OpenClaw Hook Pack: Automatic Memory for Your Agent


If you run OpenClaw, you can add persistent memory without changing your agent’s code. One command installs hooks that automatically store and recall memories at the right moments.

Install

openclaw hooks install memoclaw

That’s the whole setup. If you haven’t initialized MemoClaw yet, it’ll run memoclaw init for you and generate a wallet.

What the hooks do

The hook pack adds three hooks to your OpenClaw agent:

on_session_start — When a new session begins, the hook takes the first message (or session context) and recalls relevant memories. These get injected into the system prompt as additional context. Your agent doesn’t see the mechanism, it just has relevant background.

# What happens under the hood:
# 1. User sends first message: "Let's continue working on the API"
# 2. Hook runs: memoclaw recall "working on the API" --limit 5
# 3. Results injected into system context:
#    - "API uses tRPC v11 with RSC support"
#    - "Auth is handled by wallet signature, no JWT"
#    - "Rate limiting is 100 req/min per wallet"

on_session_end — When a session ends (timeout or explicit close), the hook summarizes what happened and stores it. This means tomorrow’s session starts with yesterday’s context available for recall.

# End of session, hook runs automatically:
# memoclaw ingest "Session summary: Fixed the batch store endpoint.
#   Changed max batch size from 50 to 100. Updated tests.
#   Next: need to add rate limiting per wallet."

on_memory_request — When your agent outputs text containing “remember this” or similar phrases, the hook intercepts and stores the relevant content. When the agent needs to recall something, it can use its normal tools, or the hook picks up recall-like queries.

Configuration

The defaults work for most people, but you can tweak things in .openclaw/hooks/memoclaw/config.yaml:

# How many memories to recall at session start
recall_limit: 5

# Minimum relevance score to include (0.0 to 1.0)
min_score: 0.3

# Auto-store session summaries
auto_store_sessions: true

# Tags to add to all auto-stored memories
default_tags:
  - openclaw
  - auto

How it plays with existing MEMORY.md

If your agent already uses a MEMORY.md file, the hook pack doesn’t touch it. You can run both in parallel. The recalled memories show up as additional context alongside whatever your MEMORY.md provides.
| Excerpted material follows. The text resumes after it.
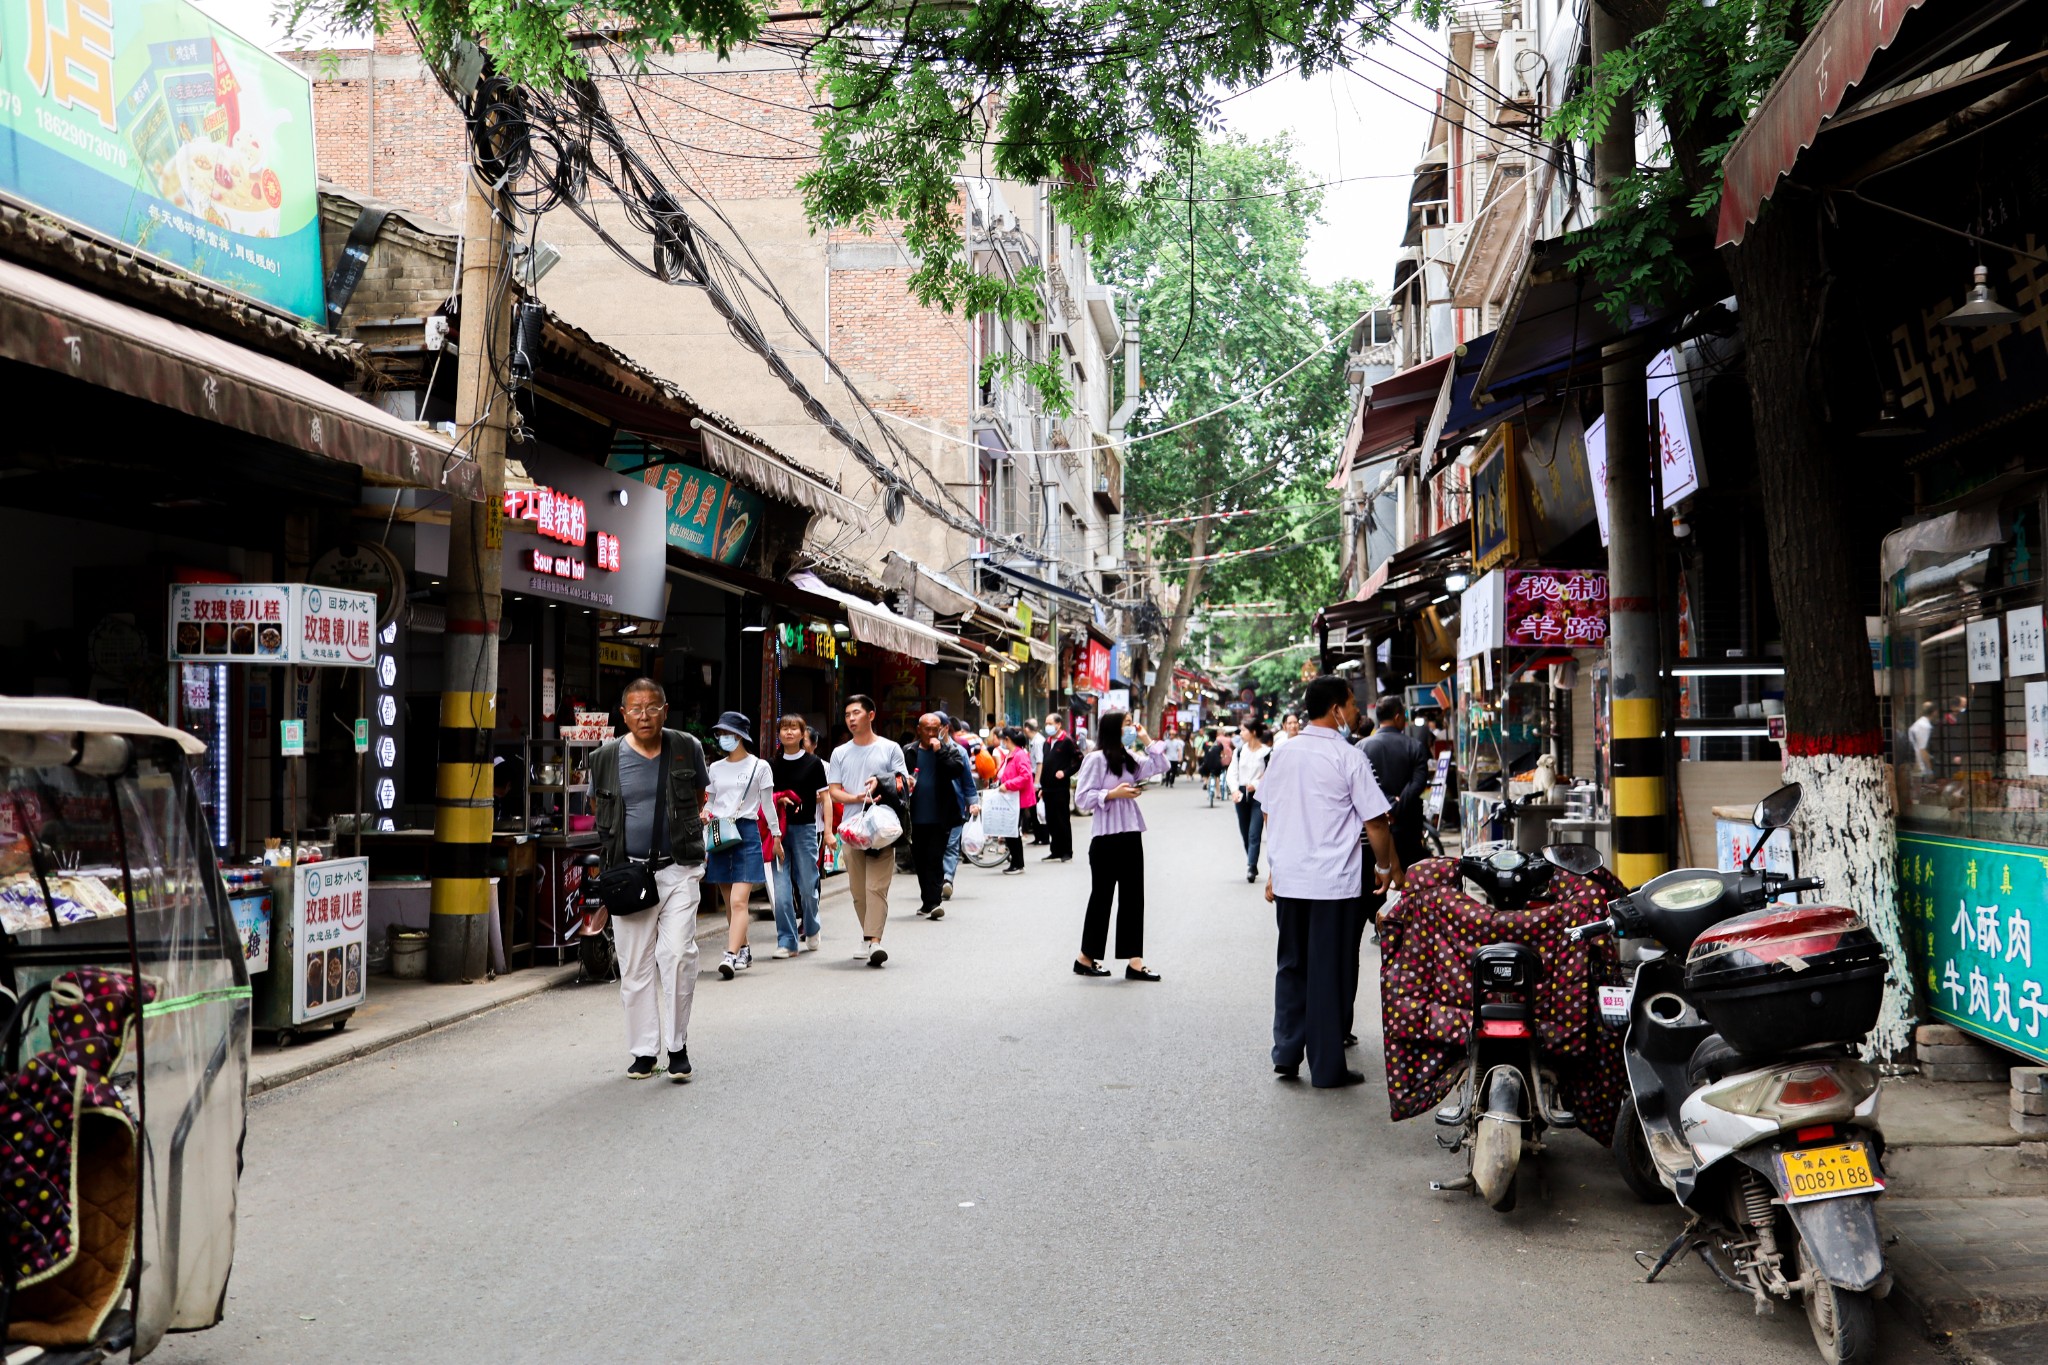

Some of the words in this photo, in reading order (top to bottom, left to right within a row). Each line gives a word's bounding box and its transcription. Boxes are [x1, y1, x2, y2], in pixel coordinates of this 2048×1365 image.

When you’re ready to fully switch, migrate the file:

memoclaw migrate ./MEMORY.md

Then remove the MEMORY.md loading from your agent config. Your agent still gets its context, just from MemoClaw instead of a static file.

Checking what’s stored

The hook stores memories with an openclaw tag, so you can see everything it auto-stored:

# List auto-stored memories
memoclaw list --tag openclaw --limit 20

# See what would be recalled for a query
memoclaw recall "API work" --limit 5

Cost

Each session start costs one recall ($0.005 after free tier). Each session end costs one ingest ($0.01 after free tier). If you run 10 sessions a day, that’s about $0.15/day. The 100 free calls cover roughly a week of normal use.

The 17 management endpoints (list, delete, update, export, etc.) are always free, so browsing and cleaning up your memories costs nothing.

What I changed after a week

I bumped recall_limit to 8 because 5 wasn’t enough for context-heavy projects. I also added a custom tag per project so I could filter memories by project:

default_tags:
  - openclaw
  - auto
  - project:memoclaw

And I lowered min_score to 0.2 because some borderline-relevant memories turned out to be useful. Your mileage will vary — start with defaults and adjust after a few days.